04:22 September 10, 2025 EDT

Key Points:

  1. Between March 2024 and March 2025, U.S. nonfarm payrolls were revised down by 911,000 jobs compared with prior estimates, equivalent to an average reduction of nearly 76,000 jobs per month—the largest downward revision on record since 2000.

  2. Market consensus has formed around the start of a Fed rate-cutting cycle. Traders now see a near certainty of a cut at the September 17 FOMC meeting, with additional cuts anticipated in October and December, implying the Fed could deliver three consecutive rate reductions before year-end.

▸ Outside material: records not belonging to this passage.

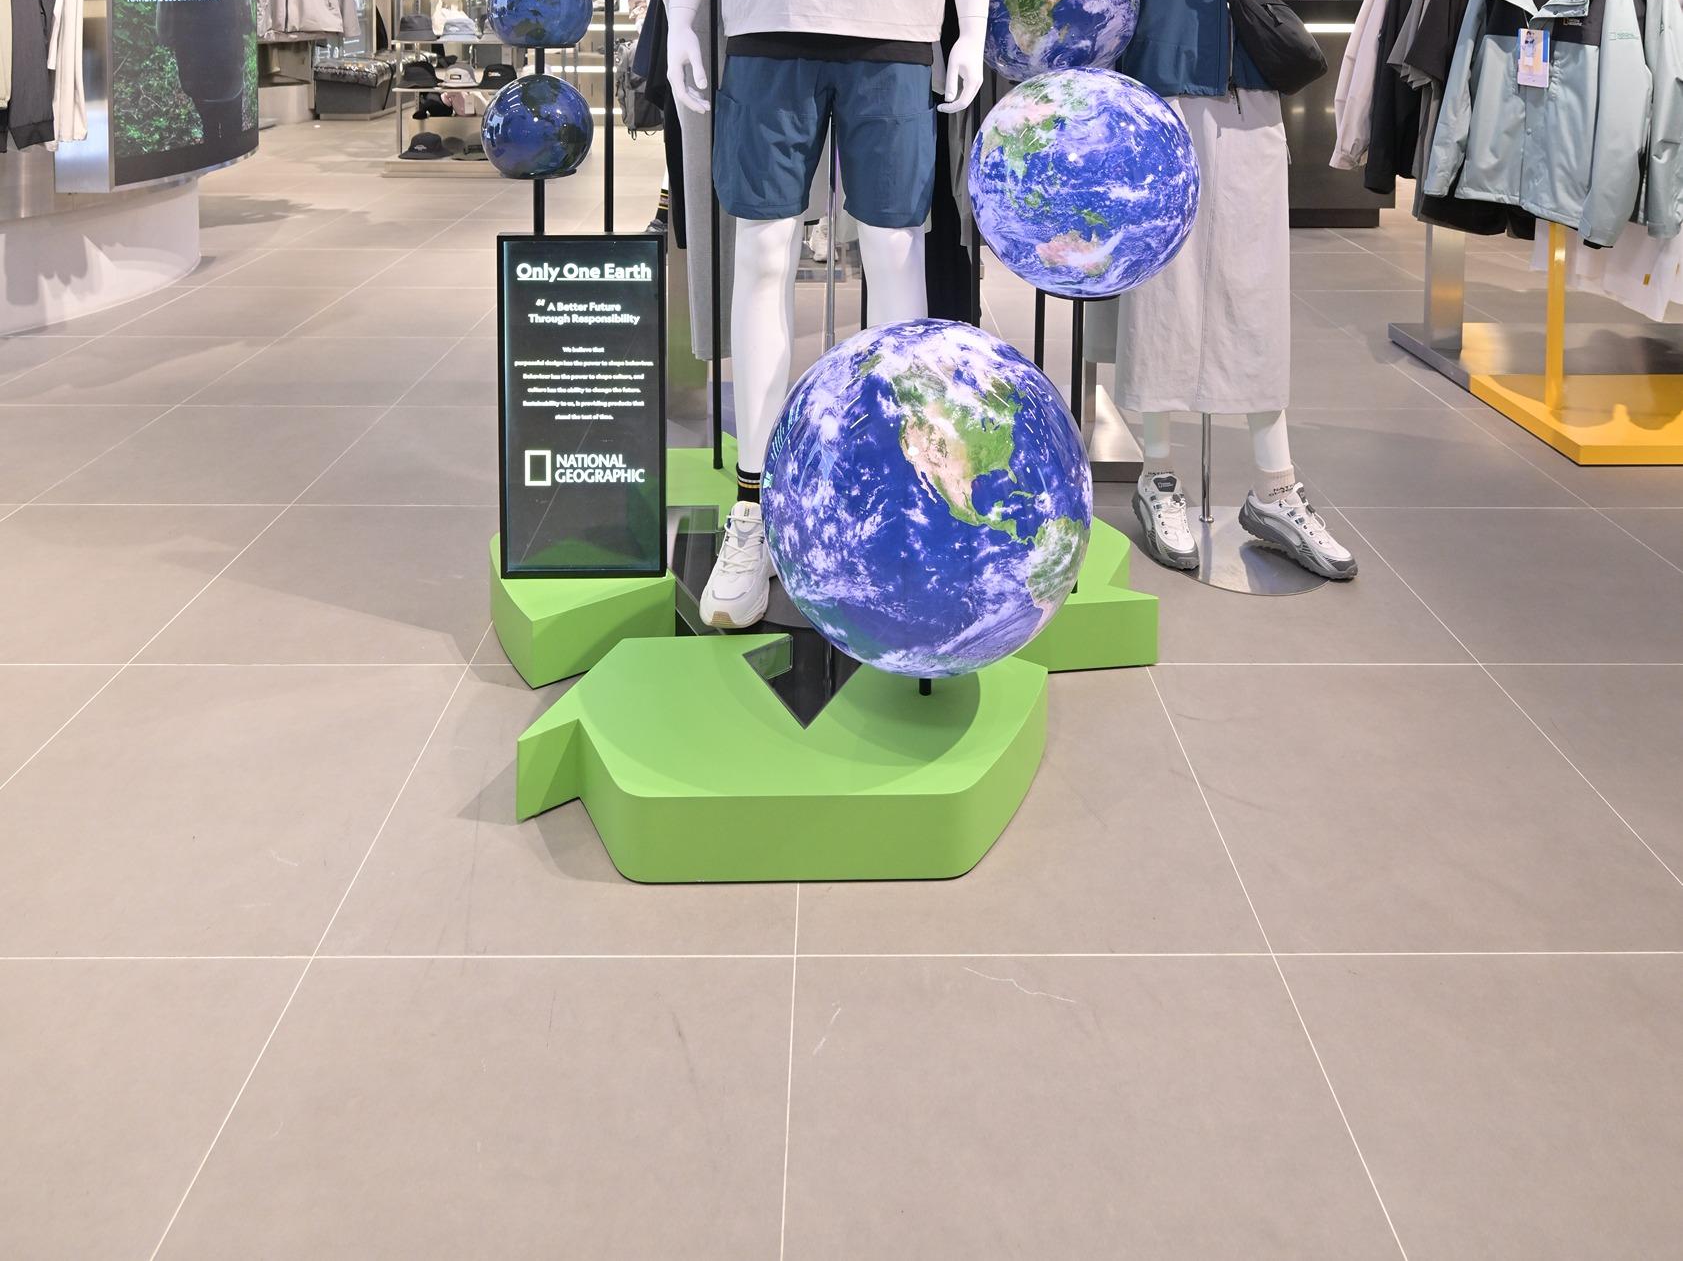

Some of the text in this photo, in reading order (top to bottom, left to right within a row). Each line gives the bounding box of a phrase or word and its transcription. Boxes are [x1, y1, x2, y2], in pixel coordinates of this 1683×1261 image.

[516, 263, 652, 283] Only One Earth
[547, 302, 556, 311] A
[557, 302, 588, 311] Better
[589, 302, 622, 311] Future
[528, 314, 640, 325] Through Responsibility
[556, 454, 627, 468] NATIONAL
[554, 468, 646, 483] GEOGRAPHIC

  3. The Federal Reserve is entering a period of heightened policy uncertainty, balancing between weak labor market conditions and inflation risks, reconciling market expectations with policy independence, and managing trade-offs between short-term stability and long-term objectives. These will likely define the central bank’s monetary policy challenges in the months ahead.

 

Ahead of the Federal Open Market Committee’s pivotal September meeting, U.S. labor market data have been sharply revised lower, intensifying concerns over economic growth. Coupled with inflationary pressures from tariffs, expectations that the Fed will begin an easing cycle have now become consensus.

 

Market expectations for rate cuts are fully priced in. According to CME’s FedWatch tool, the probability of a 25-basis-point cut in September stands at 91.7%, while the probability of a 50-basis-point cut is 8.3%, leaving the overall probability of easing at 100%.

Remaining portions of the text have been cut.